Eran mengekori Rayford menuju dapur yang tersambung dengan ruang duduk. Pria itu rupanya sedang menjerang air, dan menawarkan dengan kikuk segelas teh lemon balm. Eran menyanggupinya sebelum membasuh wajah. Sudah waktunya Sembahyang Awal.
Kira-kira tiga puluh menit kemudian mereka berkumpul kembali di ruangan itu. Senyap. Tanpa kehadiran Jamen yang Eran duga adalah seorang penggembira tim, suasana menjelang matahari terbit begitu sunyi dan mencekam.
Terlebih-lebih, setelah apa yang terjadi kemarin.
Eran tanpa sadar melirik berulang kali kepada Rayford yang duduk di seberangnya, begitu pula dengan pria itu. Ketika mereka akhirnya saling menangkap basah satu sama lain, Rayford tahu mereka tidak bisa seperti ini terus.
"Jadi ... apa yang kau rasakan?"
Eran mengerjap. "Apa maksudmu?"
"Kau mendapat sel vehemos baru di tubuhmu. Apa kau merasakan sesuatu, atau menemui vehemos itu dalam mimpimu?"
"Ya. Monster yang menakutkan," komentar Eran, dan reaksinya sebatas pada ucapan itu saja. Rayford terheran-heran menyadari bahwa gadis ini tidak heboh mengutarakan betapa mengerikannya Par.

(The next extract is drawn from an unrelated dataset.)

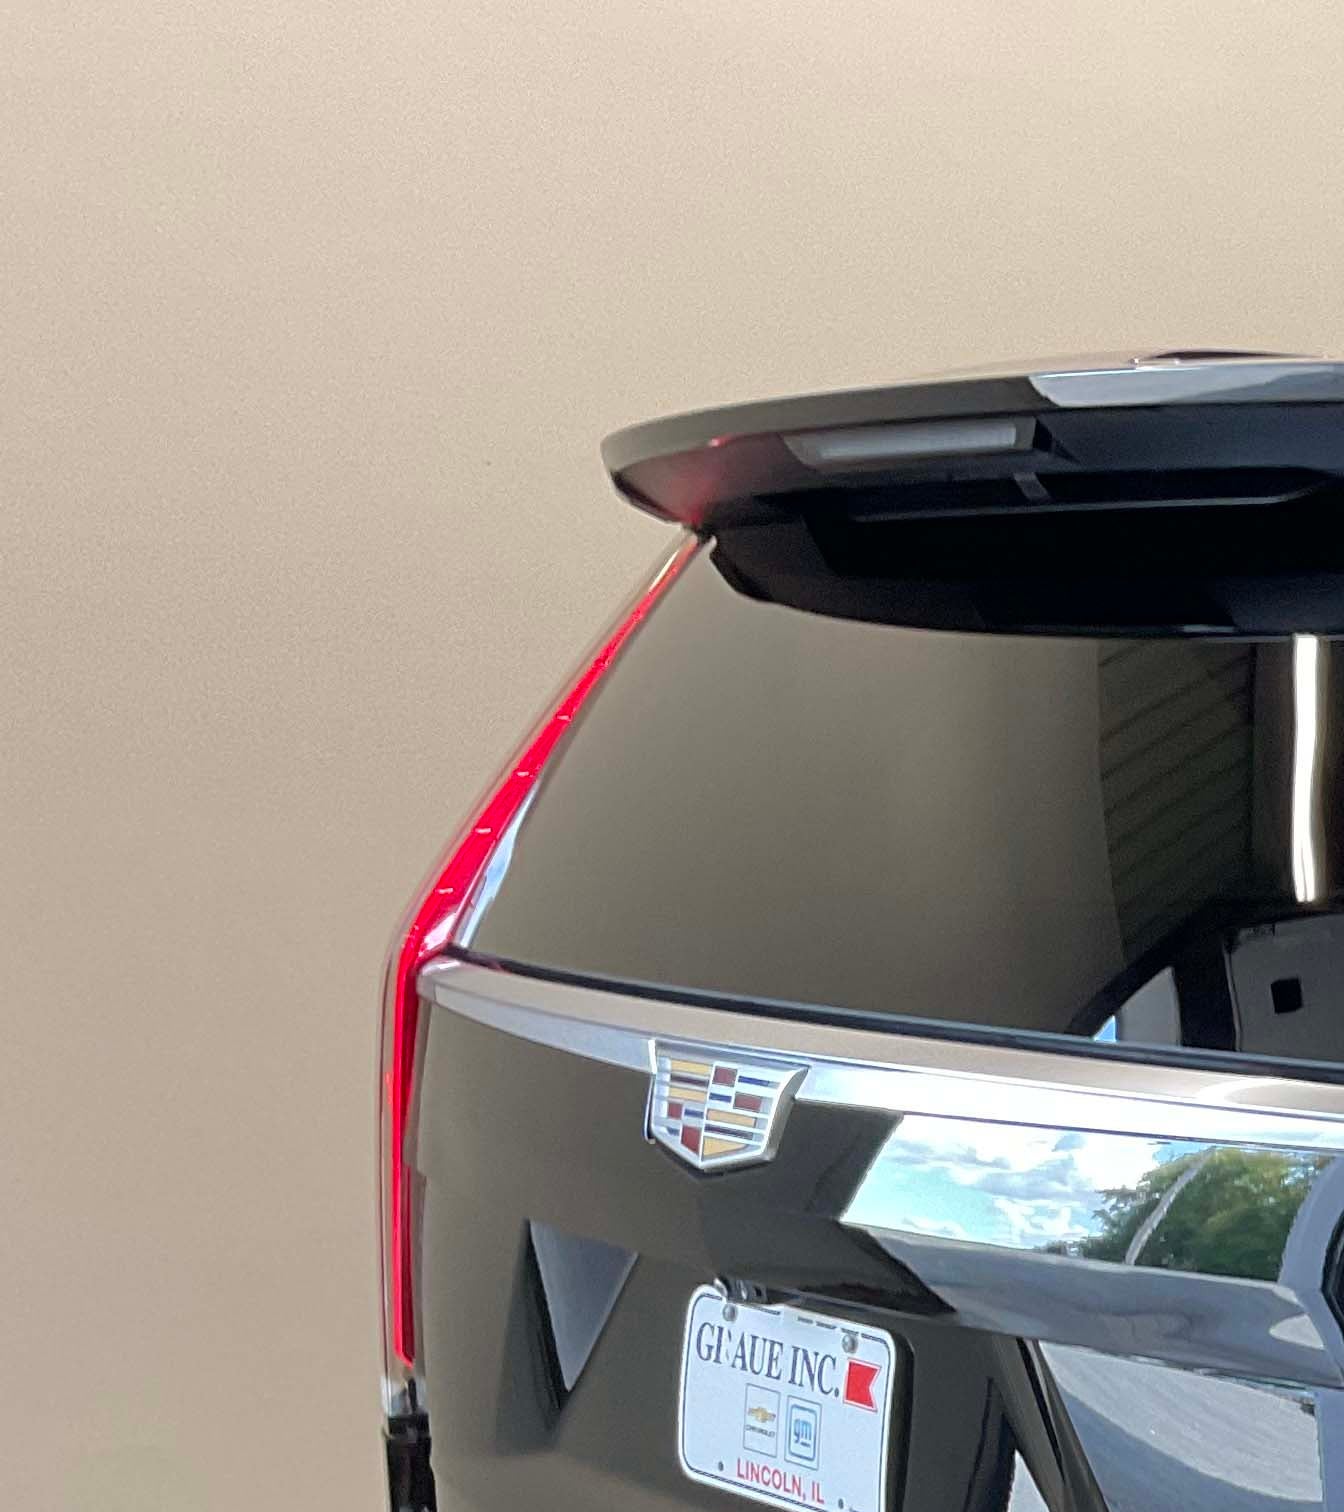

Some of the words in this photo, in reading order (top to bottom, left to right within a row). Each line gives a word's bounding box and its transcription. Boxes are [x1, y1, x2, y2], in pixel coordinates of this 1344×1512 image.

[788, 1345, 840, 1398] INC.
[736, 1457, 806, 1502] LINCOLN,
[811, 1480, 825, 1505] IL

"Dia tidak menghantuimu? Maksudku, bukankah wajahnya benar-benar seperti iblis?" Rayford tak bisa menahan diri untuk tidak bertanya lebih jauh. Eran menjawab dengan sebatas anggukan, membuat pria ini menjadi makin curiga. "Apa ... apa kau sudah terbiasa dengan monster, Eran?" tanyanya akhirnya.

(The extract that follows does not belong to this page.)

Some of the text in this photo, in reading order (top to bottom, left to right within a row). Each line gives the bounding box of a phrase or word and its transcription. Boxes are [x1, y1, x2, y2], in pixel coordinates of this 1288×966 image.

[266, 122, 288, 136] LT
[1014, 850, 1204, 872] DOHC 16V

"Apa? Tidak mungkin." Eran meringis. "Siapa yang bisa terbiasa dengan kehadiran iblis?"
"Yah, kau terlihat seperti itu," jawab Rayford pelan. Arah pandangnya turun ke cangkir yang masih terisi separuh. Daun lemon balm beriak pelan di permukaan teh, seperti kegemparan kecil di ruangan yang senyap ini. "Sebab aneh sekali jika seseorang awam sepertimu bisa menerima sel vehemos sekuat U'mbrate begitu saja, kemudian ditambah sel Par, dengan waktu yang singkat pula."
Eran memutar bola mata. Lagi-lagi.
"Baiklah, begini saja," kata gadis itu. "Aku akan menjelaskan hal-hal yang masih kau ragukan, bagaimana? Sekarang tanyakan aku apa saja."